(Spatial localization data)
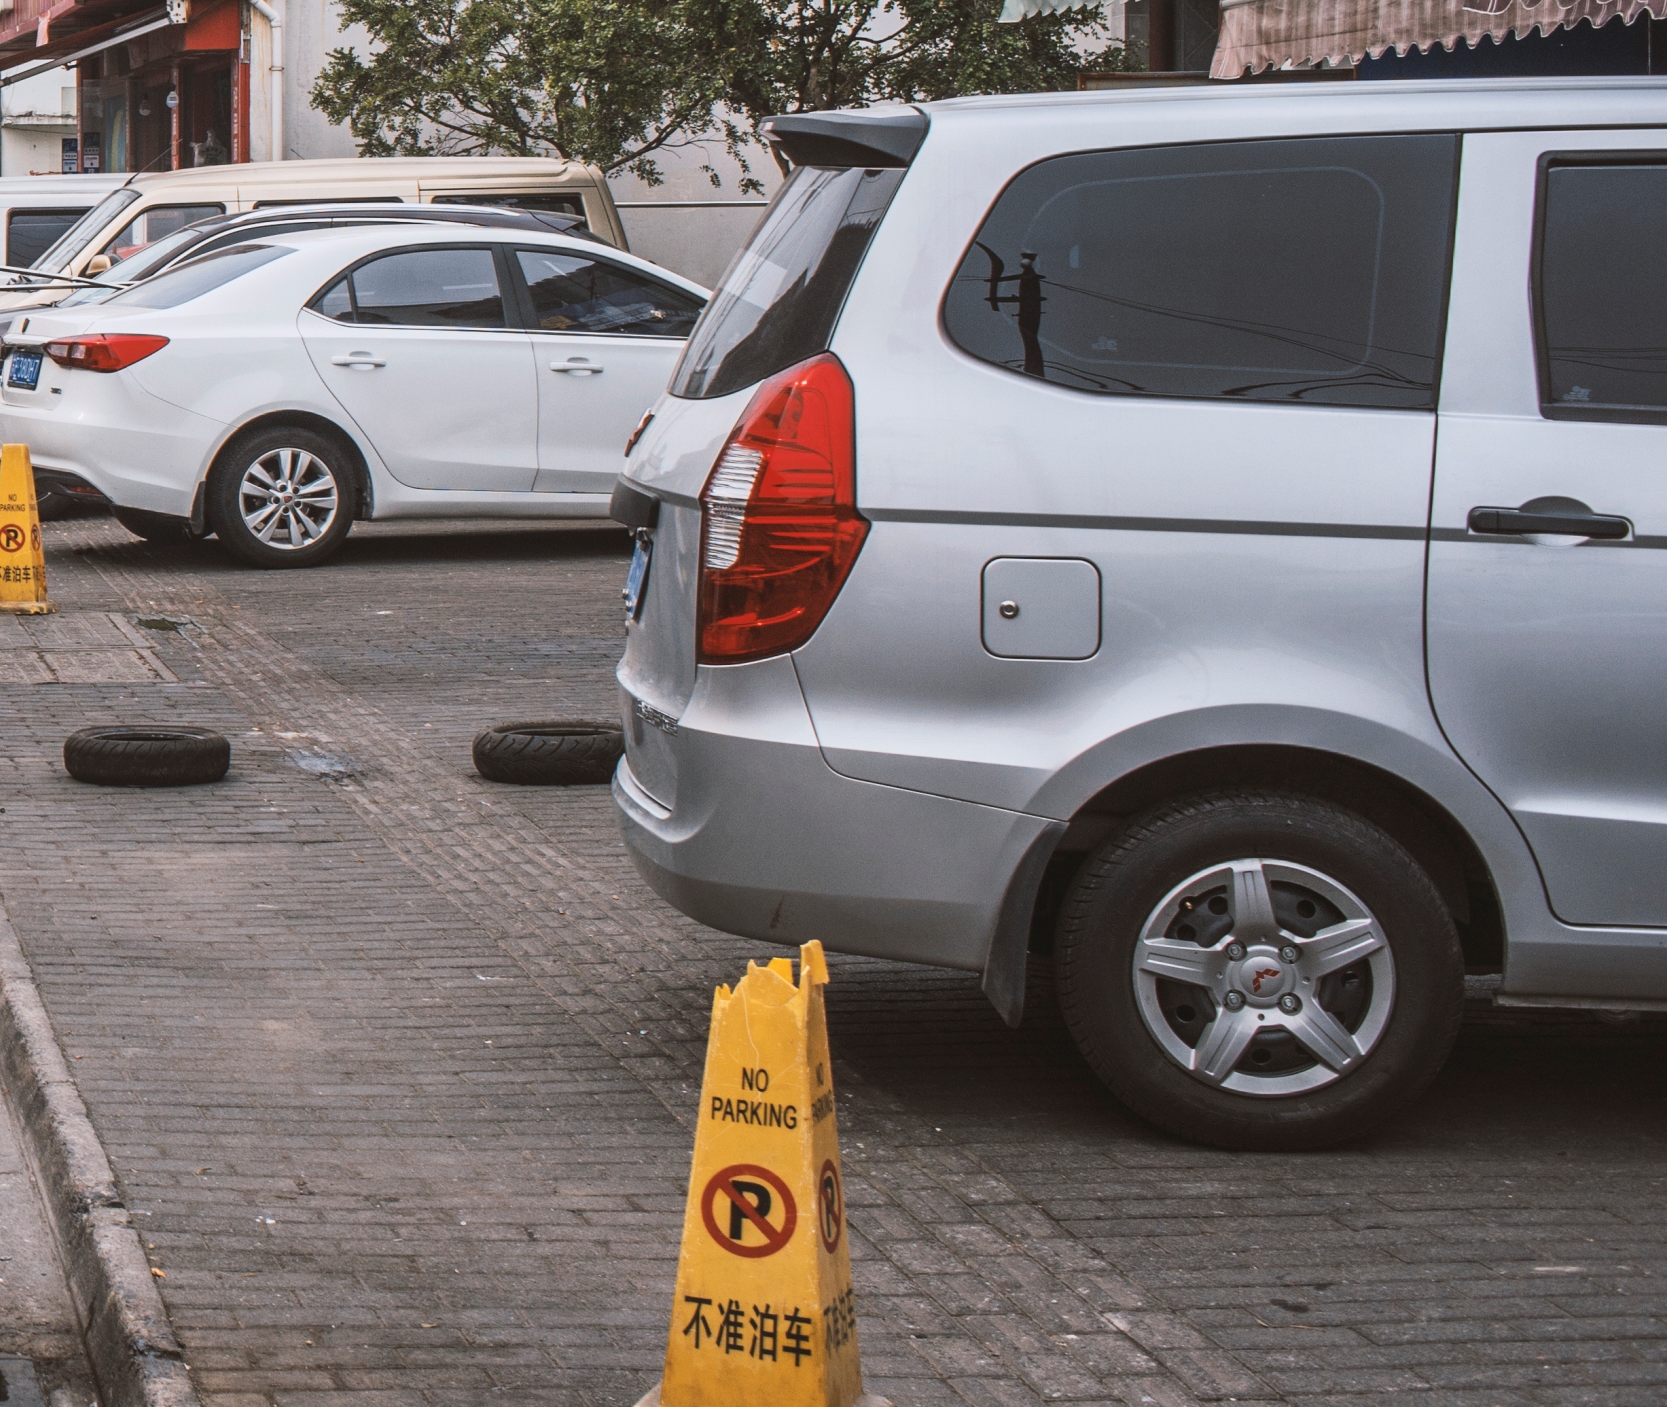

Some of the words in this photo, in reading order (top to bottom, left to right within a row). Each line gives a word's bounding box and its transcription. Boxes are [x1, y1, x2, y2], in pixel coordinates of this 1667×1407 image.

[0, 503, 26, 512] PARKING
[8, 494, 18, 502] NO
[741, 1066, 770, 1093] NO
[710, 1096, 798, 1130] PARKING
[683, 1294, 813, 1368] 不准泊车
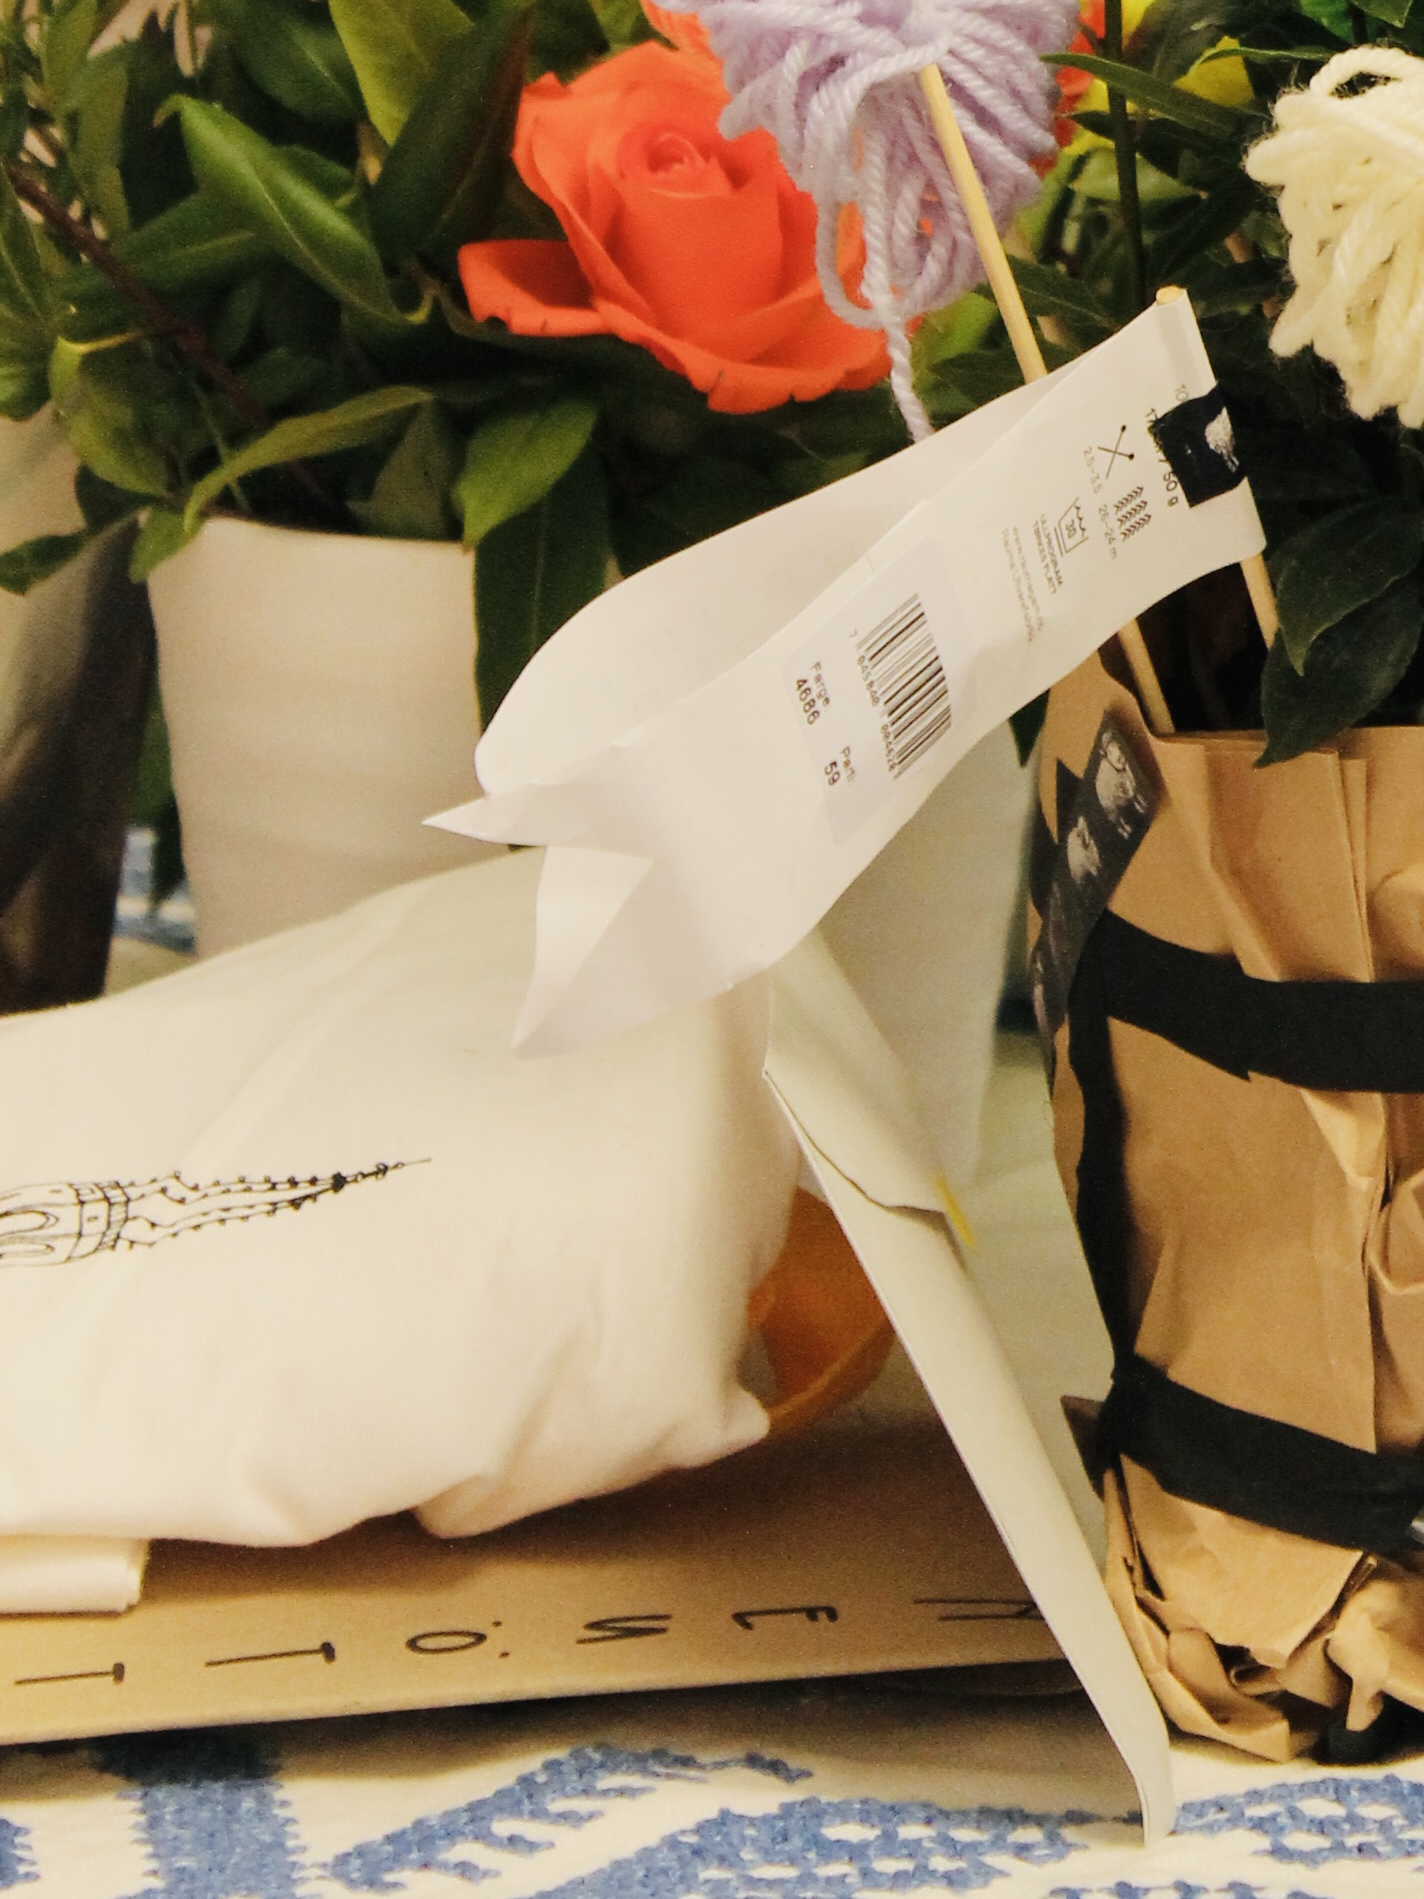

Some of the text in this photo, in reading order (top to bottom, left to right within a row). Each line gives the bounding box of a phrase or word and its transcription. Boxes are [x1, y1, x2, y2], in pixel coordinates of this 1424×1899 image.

[1163, 471, 1178, 492] 50
[1167, 496, 1179, 507] g
[1065, 519, 1077, 539] 30
[795, 678, 841, 786] 4686 59
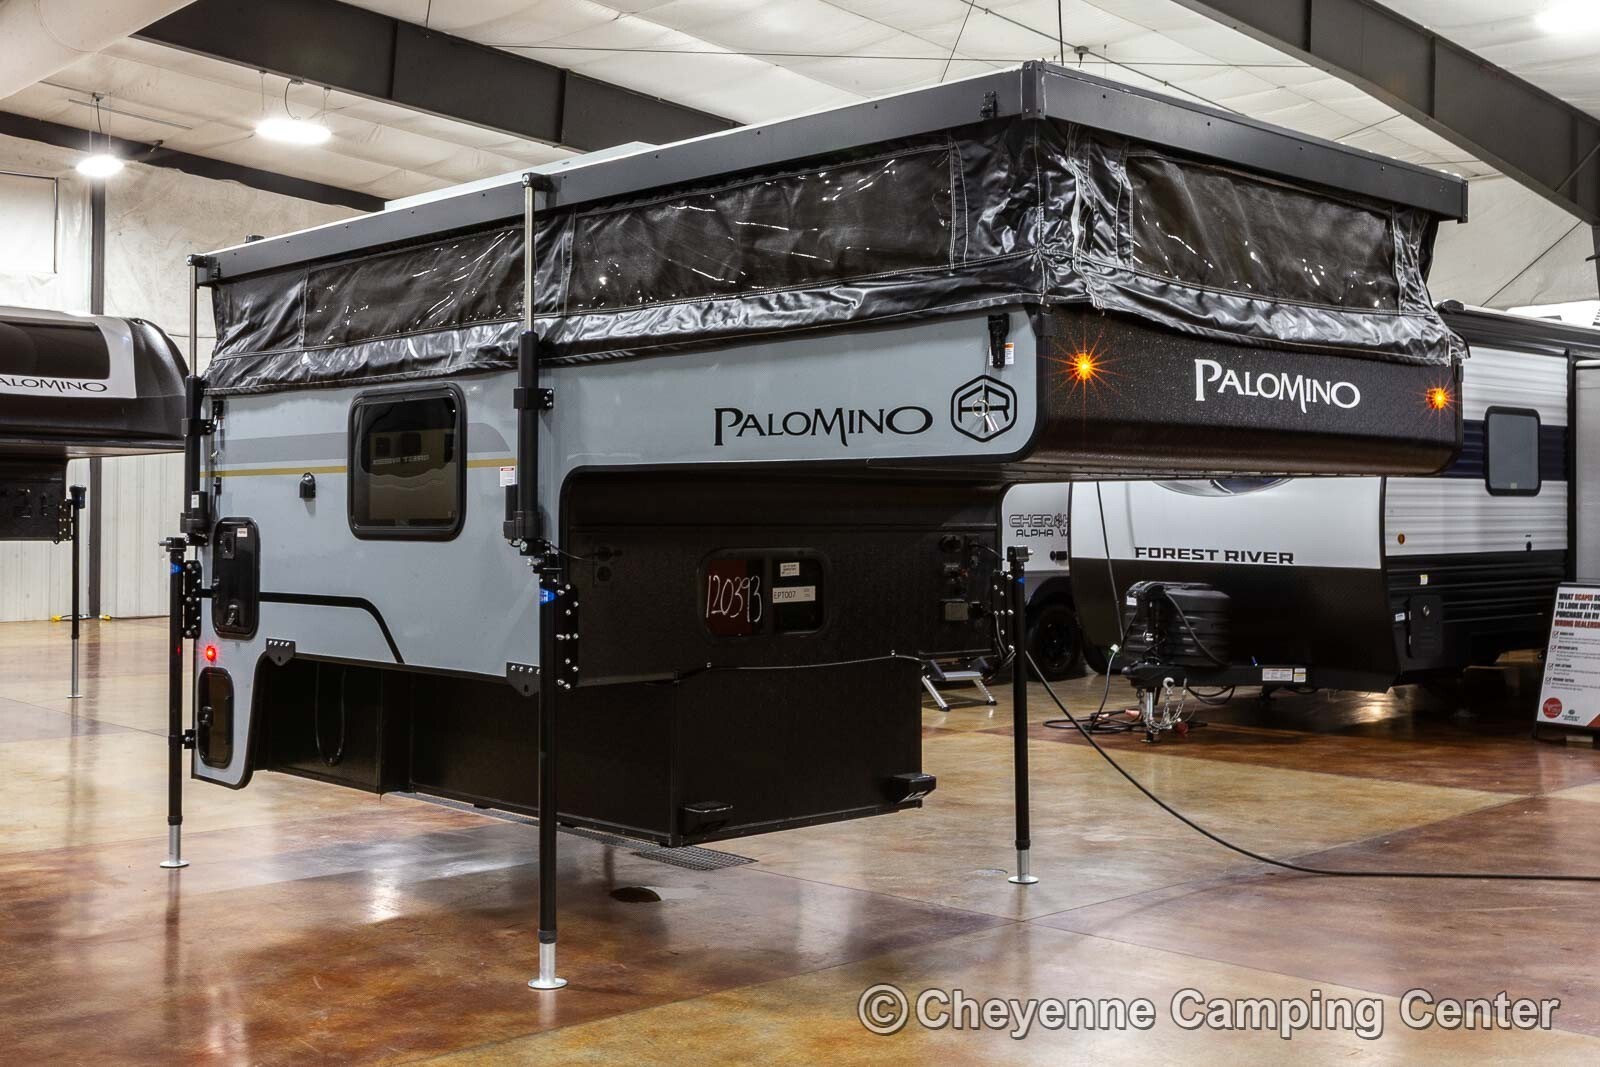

### Problem to work on
Return a verbatim transcription of the data, omitting all images.

### Reply
Some of the words in this photo, in reading order (top to bottom, left to right within a row). Each line gives a word's bounding box and its transcription. Boxes are [x1, y1, x2, y2], in pixel coordinates of this 1667×1407 image.

[0, 503, 26, 512] PARKING
[8, 494, 18, 502] NO
[741, 1066, 770, 1093] NO
[710, 1096, 798, 1130] PARKING
[683, 1294, 813, 1368] 不准泊车

Some of the text in this photo, in reading order (top to bottom, left to right within a row). Each line gives the bounding box of a phrase or word and its transcription. Boxes are [x1, y1, x2, y2], in pixel coordinates of this 1424×1899 image.

[1163, 471, 1178, 492] 50
[1167, 496, 1179, 507] g
[1065, 519, 1077, 539] 30
[795, 678, 841, 786] 4686 59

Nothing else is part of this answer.